- A new study suggests there may be a link between soda consumption and male pattern hair loss.
- Even one soda per day could be a problem, say the authors.
- However, experts say there are many factors involved in hair loss.
- Regardless of whether sugar affects hair loss, nutritionists say cutting sugar can help you stay healthy.
If you are a man concerned about losing your hair, the answer may be to quit drinking soda.
A study published in the journal Nutrients on January 1, 2023, indicates that drinking even one soda per day was linked to a greater risk of hair loss.
The presence of anxiety disorders, chronic diseases, obesity, or tooth decay might play some role in the process as well.
The researchers at Tsinghua University in Beijing write that male pattern hair loss (MPHL) is on the rise while the age of incidence continues to grow lower. It can sometimes occur as early as the teens or early twenties, according to the American Academy of Dermatology Association. However, by the age of 50, half of all white men will have this type of hair loss.
The study authors note that MPHL is a progressive and non-scarring form of hair loss related to factors like genetics, anxiety, sleep time, age, body mass index, disease history, physical activities, and smoking.
Diet is also thought to play a role in its development, especially Western diets which prominently feature the consumption of added sugars. It is believed that high sugar intake might trigger polyol pathways, thus leading to hair loss.
Given that hair loss can be a significant source of psychological distress and low self-esteem in men, the research team sought to examine whether sugar-sweetened beverages — like soft drinks, juice, energy drinks, milk, tea, and coffee — might increase the risk for MPHL, noting that 63% of young people and 49% of adults in the U.S. drink these beverages each day.
The researchers looked at data gathered from 1,028 Chinese men between the ages of 18 and 45 that was collected between January and April 2022.
The men were asked to provide information about their lifestyle habits, including their consumption of sweetened drinks, as well as any hair loss that they might have experienced.
What the team found upon analysis of the data is that there was a significant association between drinking sugar-sweetened beverages and male hair loss, even with consumption as low as one drink per day. Also, higher consumption levels appeared to increase this risk even further.
Dr. Susan Massick, associate professor of dermatology at The Ohio State University Wexner Medical Center, urges caution in interpreting what these results mean.
“The study findings do not support the misleading conclusion that sugar-sweetened beverages increase the risk of male pattern hair loss …,” she said, pointing out that there are limitations in the study’s design.
“Diet does play a critical role in your overall health, particularly regarding risk for developing obesity, hyperlipidemia, diabetes, and hypertension; however, male-pattern hair loss is multifactorial. This study does not prove a causal effect that indulging in sugar-sweetened drinks induces male pattern thinning.”
The study authors concede this point as well, noting that additional research is necessary to confirm a direct link between sugar-laden drinks and hair loss.
At this point, there is only a statistical association between these two variables. It’s not clear whether one causes the other.
Massick explained that a holistic approach to treatment should be the primary goal in dealing with MPHL.
“Male pattern hair loss can be treated, but timing and early intervention are important,” she said.
One important step is to seek out a board certified dermatologist and start treatment early, said Massick. Drugs like topical minoxidil and/or oral finasteride can help to preserve your hair before you lose a significant amount.

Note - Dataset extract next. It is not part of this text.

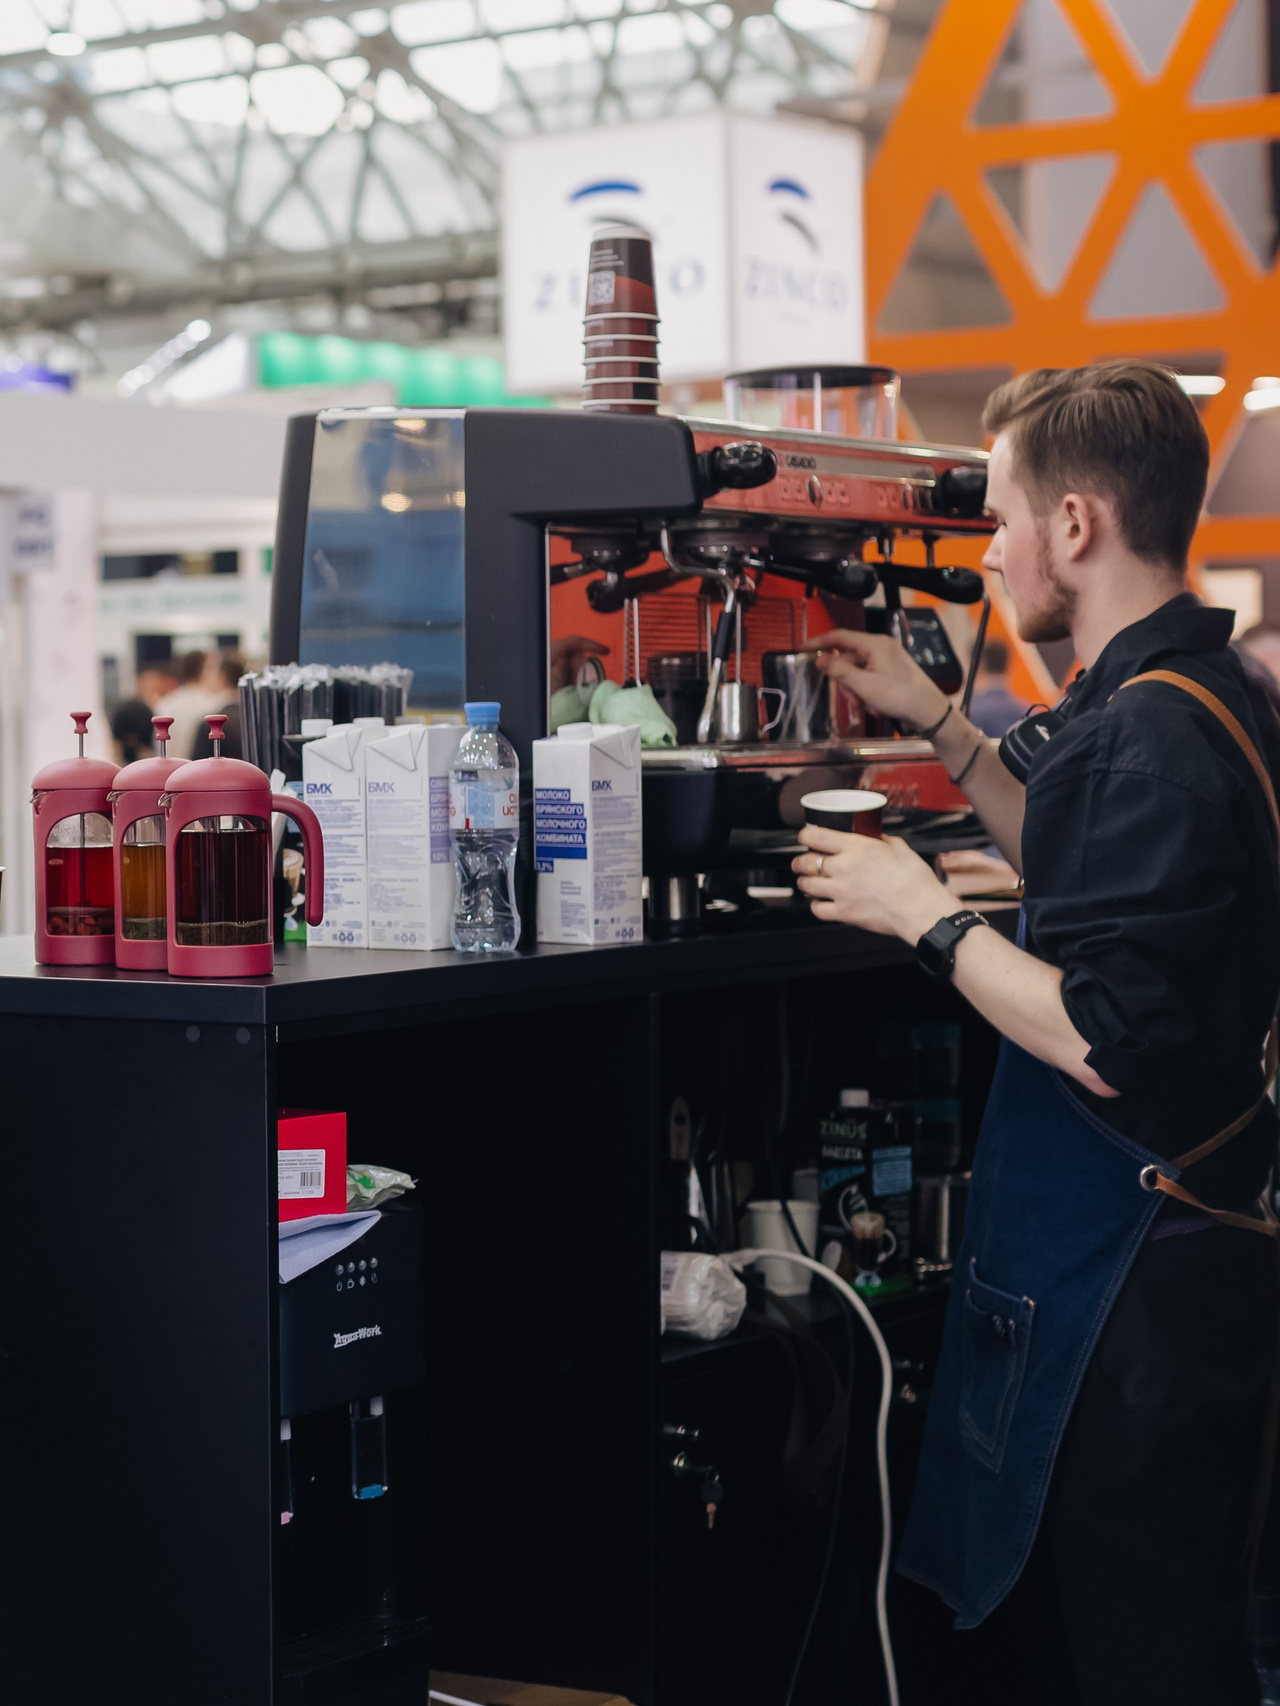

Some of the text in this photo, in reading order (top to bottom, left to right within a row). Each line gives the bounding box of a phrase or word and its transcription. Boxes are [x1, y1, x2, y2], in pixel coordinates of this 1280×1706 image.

Massick further points to generally looking after your physical health as an important step you can take.
“Reverse anything that is reversible and focus on preventive care and treatment management of any underlying medical issues, including obesity, diabetes, hypertension, thyroid conditions, and poor nutrition,” she said.
She also advises men to stop smoking and follow a well-balanced diet.
While it remains uncertain what role a reduction in sugar consumption might play in preventing hair loss, Shereen Jegtvig, who teaches nutrition at the University of Bridgeport in Connecticut, indicates that eating and drinking less sugar is an important part of being healthy.
Cutting out empty calories with little or no nutritional value like sugary soft drinks and energy drinks can improve your health in several ways, she said.
“This can help a man reach and maintain a healthy weight. Reducing sugar is better for teeth and can lower a young guy’s risk of tooth decay. It can also help settle down bouts of acne. And while a young man might not think about it much right now, reducing sugar can reduce the risk of diabetes and heart disease later on in life.”
Jegtvig added that one way to reduce your sugar intake is to swap out sugary sodas and energy drinks for non-caloric versions or water.
“Vegetable juice is another good option with good nutrition,” said Jegtvig.
Jegtvig further advised that instead of snacking on candy or cookies, you can opt for whole fruits and vegetables which are low in calories but packed with nutrients.
You can also make a trail mix with nuts, granola, or dried fruits, she suggested.
“A lot of processed foods have added sugars too,” she concluded. “Check the ingredients label and grams of sugar on the nutrition label.”